BLAKE Dawson has rejected claims it won’t lift a pay freeze implemented in the depth of winter that was the global financial crisis.
According to the rumour mill today, Blakes won’t budge on pay, and has put off figuring out what to do with a reported freeze of 70 per cent of its staff’s pay until July.
Blakes confirmed to The New Lawyer today, however, that the full story was not at all reported in Firm Spy and its anonymous source, from which the rumours came.
Firm Spyreported that when a partner was asked by a “courageous colleague” when the firm is intending to move on pay, the response had reportedly been: “These decisions take time, it doesn’t happen overnight, but I think 1 July would be enough time to consider everything, how the market is moving etc.”

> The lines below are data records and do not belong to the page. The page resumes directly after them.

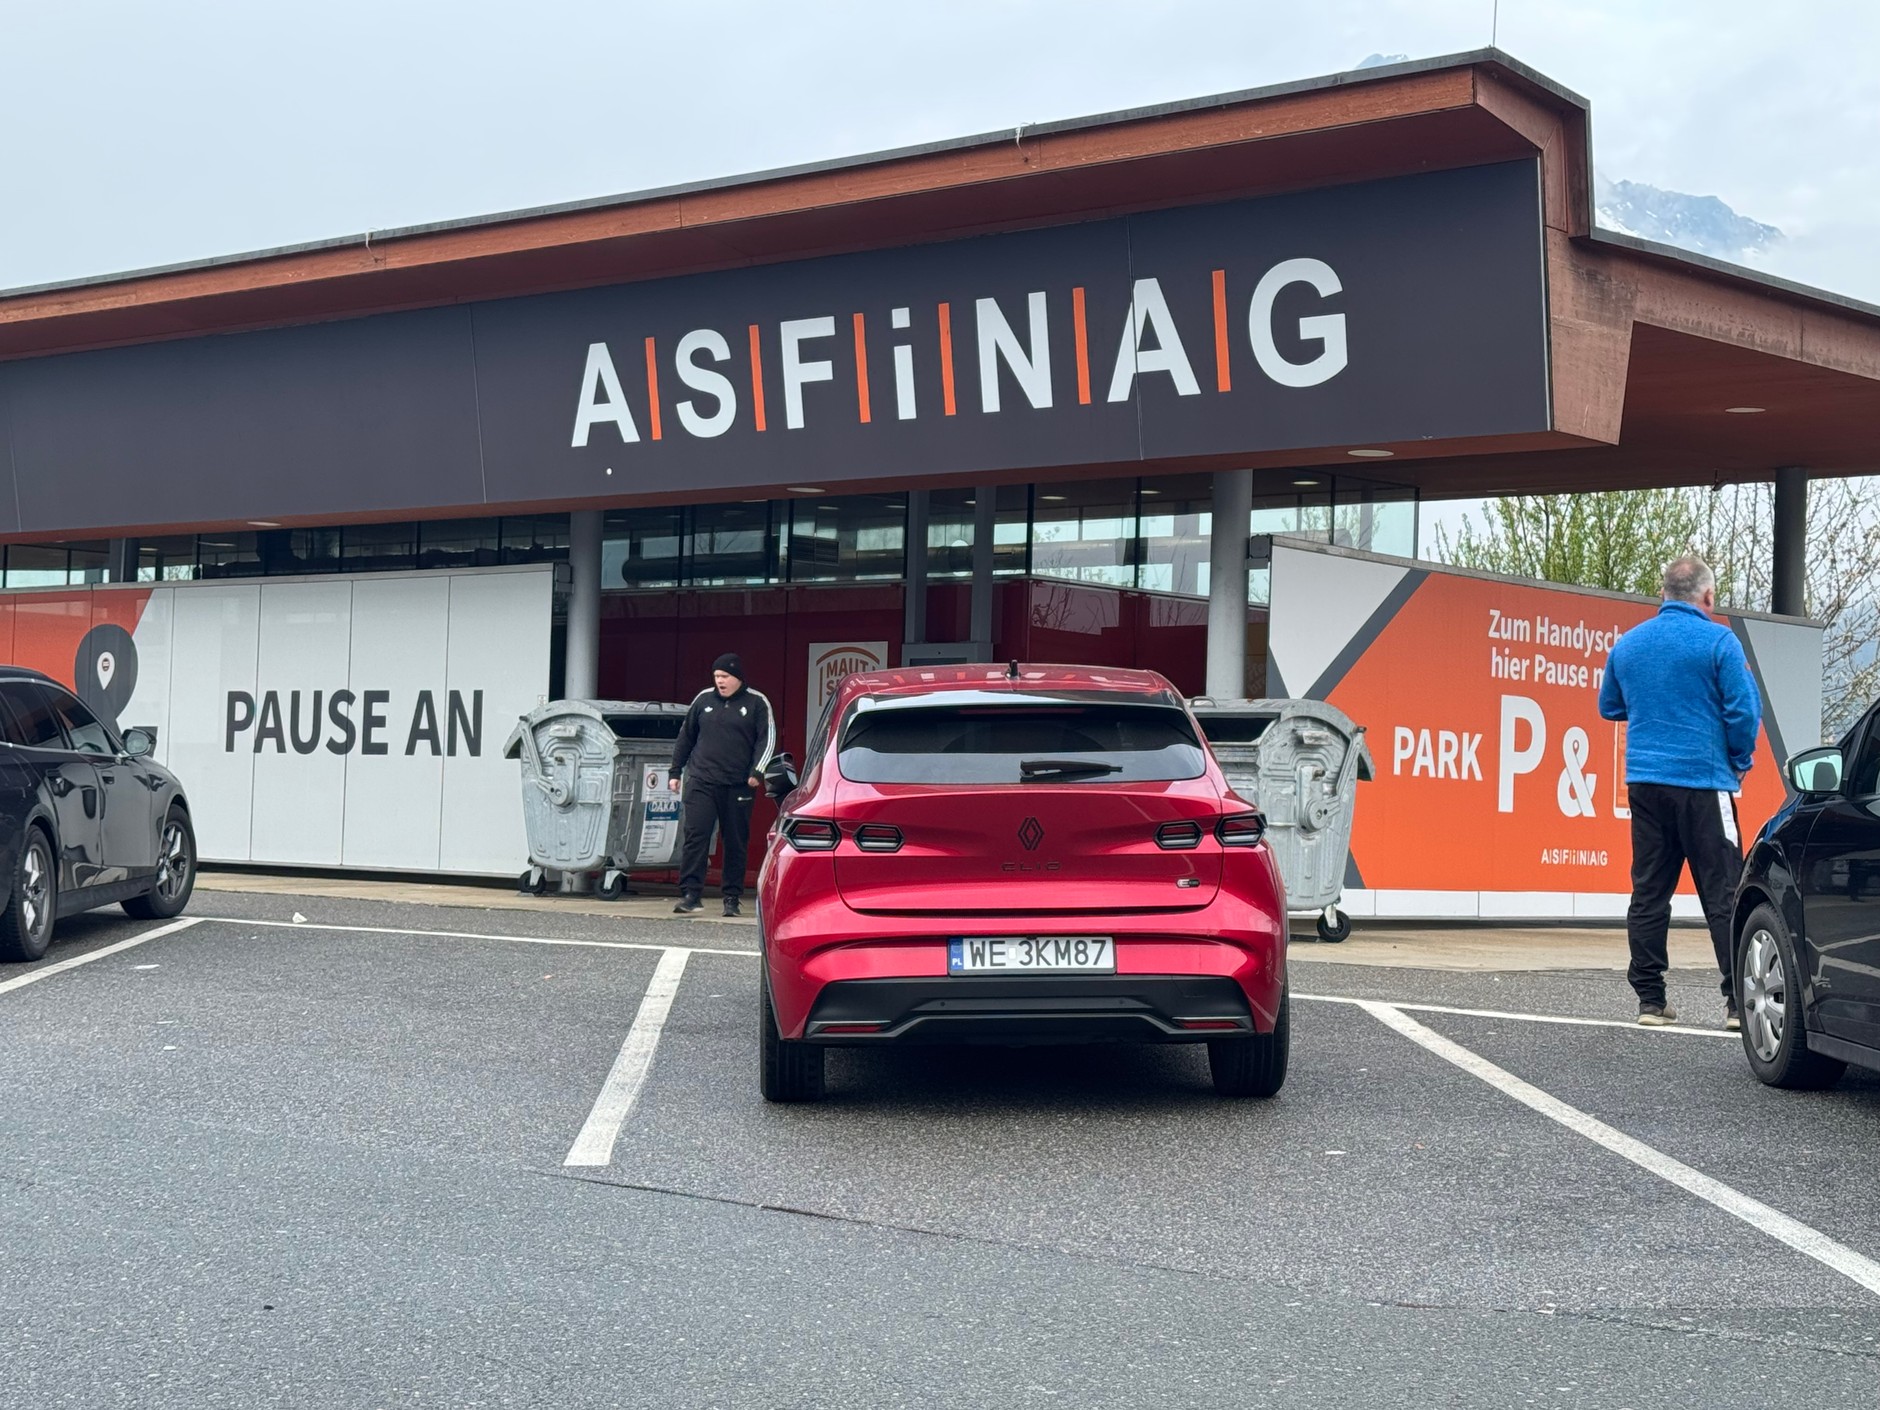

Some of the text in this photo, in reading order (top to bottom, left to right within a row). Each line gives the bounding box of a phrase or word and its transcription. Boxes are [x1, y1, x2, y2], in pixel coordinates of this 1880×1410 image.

[1488, 609, 1623, 658] Zum Handysch
[826, 657, 869, 678] MAUT
[1491, 647, 1530, 681] hier
[1534, 654, 1589, 689] Pause
[225, 689, 390, 755] PAUSE
[404, 689, 484, 757] AN
[1393, 694, 1597, 818] PARK P &
[952, 957, 963, 966] PL
[969, 939, 1107, 967] WE 3KM87

The response was branded a “disgrace” by the anonymous source, particularly considering the speed at which 100 staff members were made redundant at the firm last year.

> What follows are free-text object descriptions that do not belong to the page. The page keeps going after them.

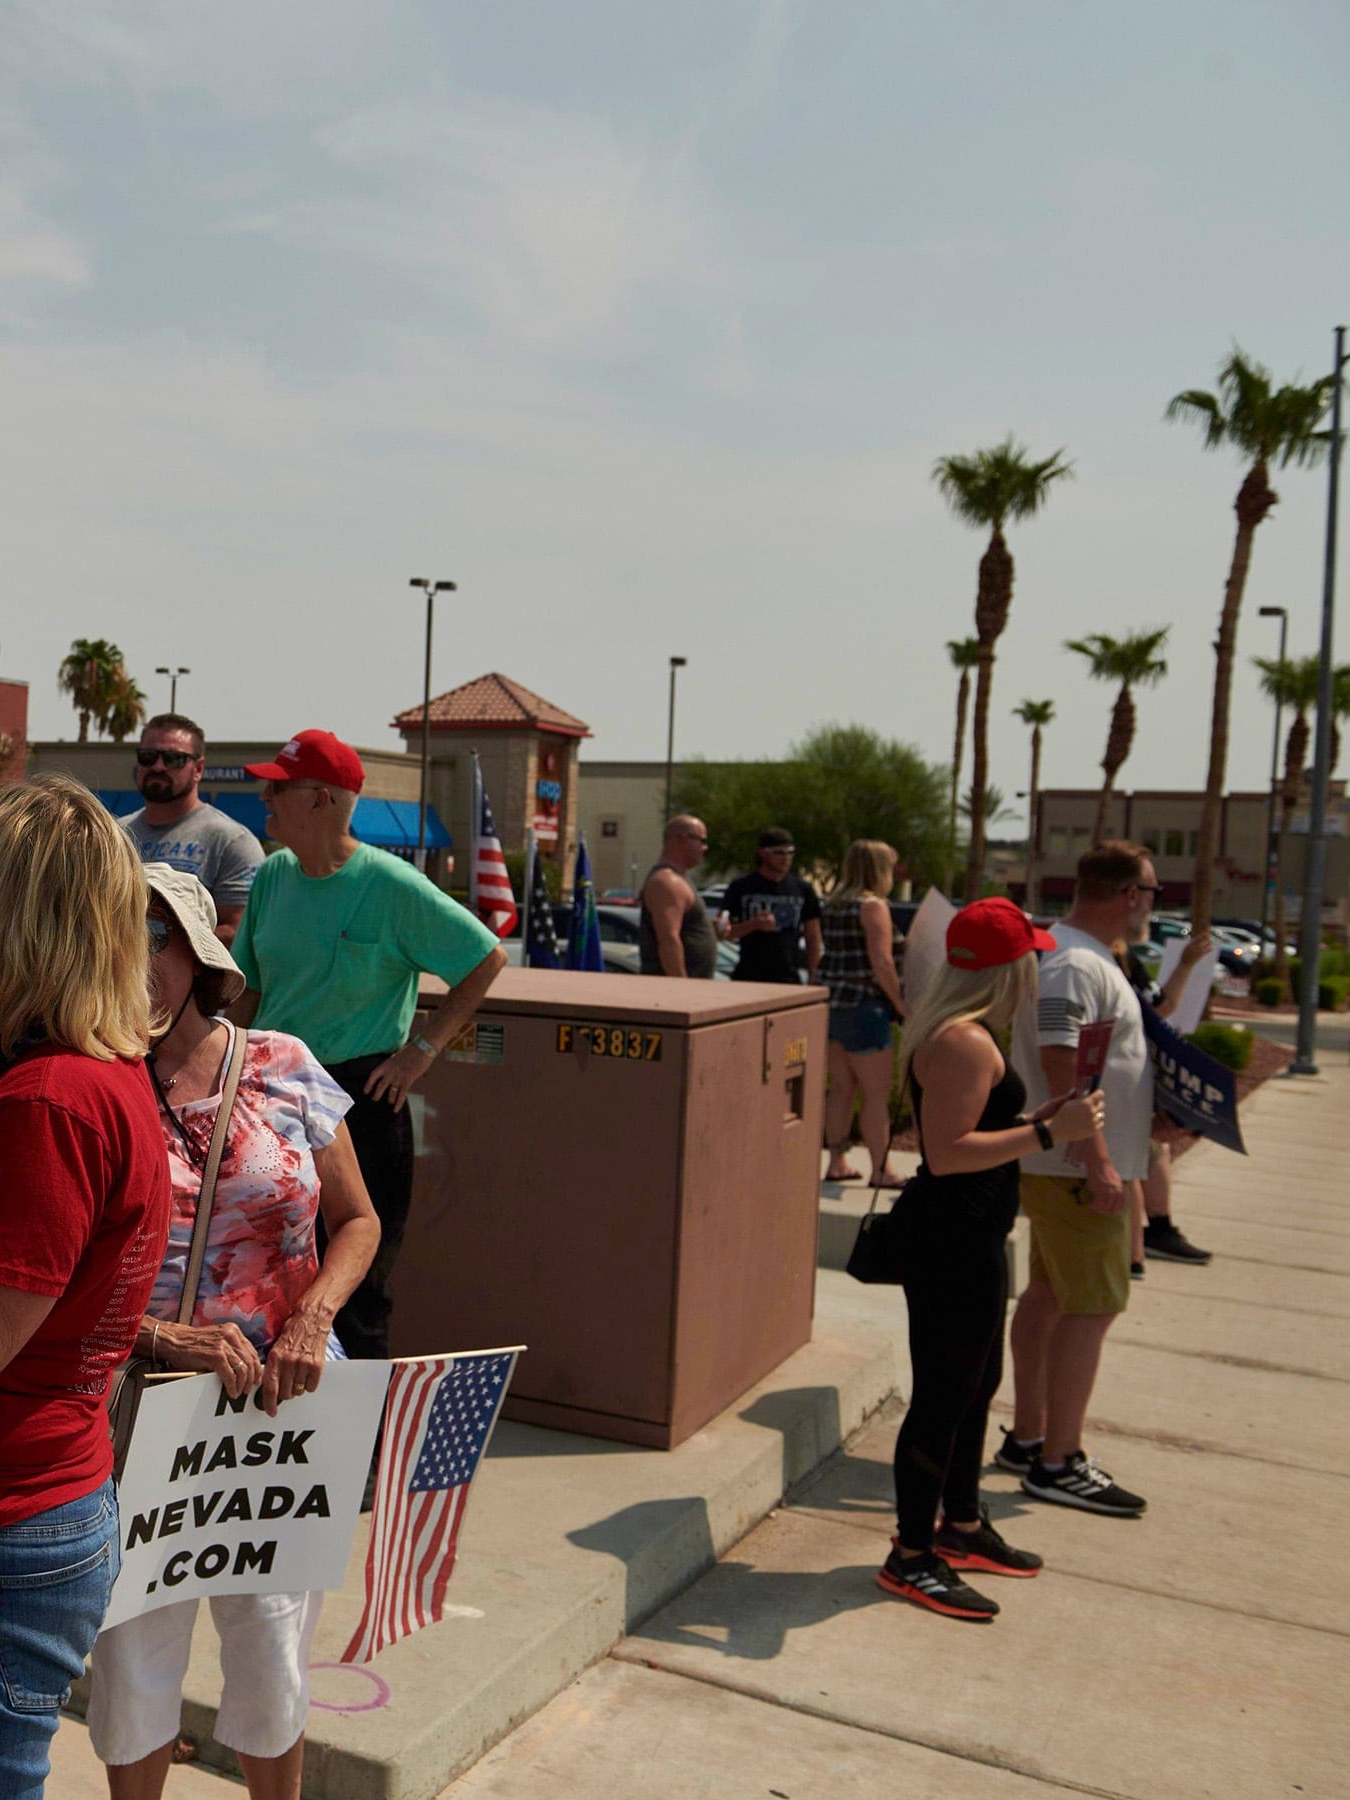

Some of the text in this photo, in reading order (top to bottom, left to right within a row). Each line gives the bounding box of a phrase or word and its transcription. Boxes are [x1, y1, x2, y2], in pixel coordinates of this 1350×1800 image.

[202, 767, 246, 781] AURANT
[559, 1024, 662, 1060] F3837
[168, 1429, 316, 1482] MASK
[125, 1484, 331, 1551] NEVADA
[145, 1540, 278, 1595] .COM

The fact is, Blake Dawson did not actually have a pay freeze in 2009, unlike many of its top- and mid-tier counterparts.
A firm spokesperson said the firm tailored salary reviews in response to market conditions, “and to reward our highest performers and those moving through the key promotion points”.
Blakes’ annual remuneration review will start in March, as usual, with increases effective 1 July.
The firm made 89 staff members redundant after a review of its business was competed in March last year. The cutbacks comprised 23 lawyers and 66 support staff.
At the time the firm would not disclose which practice areas had been affected, but said all staff affected were provided with career transition support and severance payments.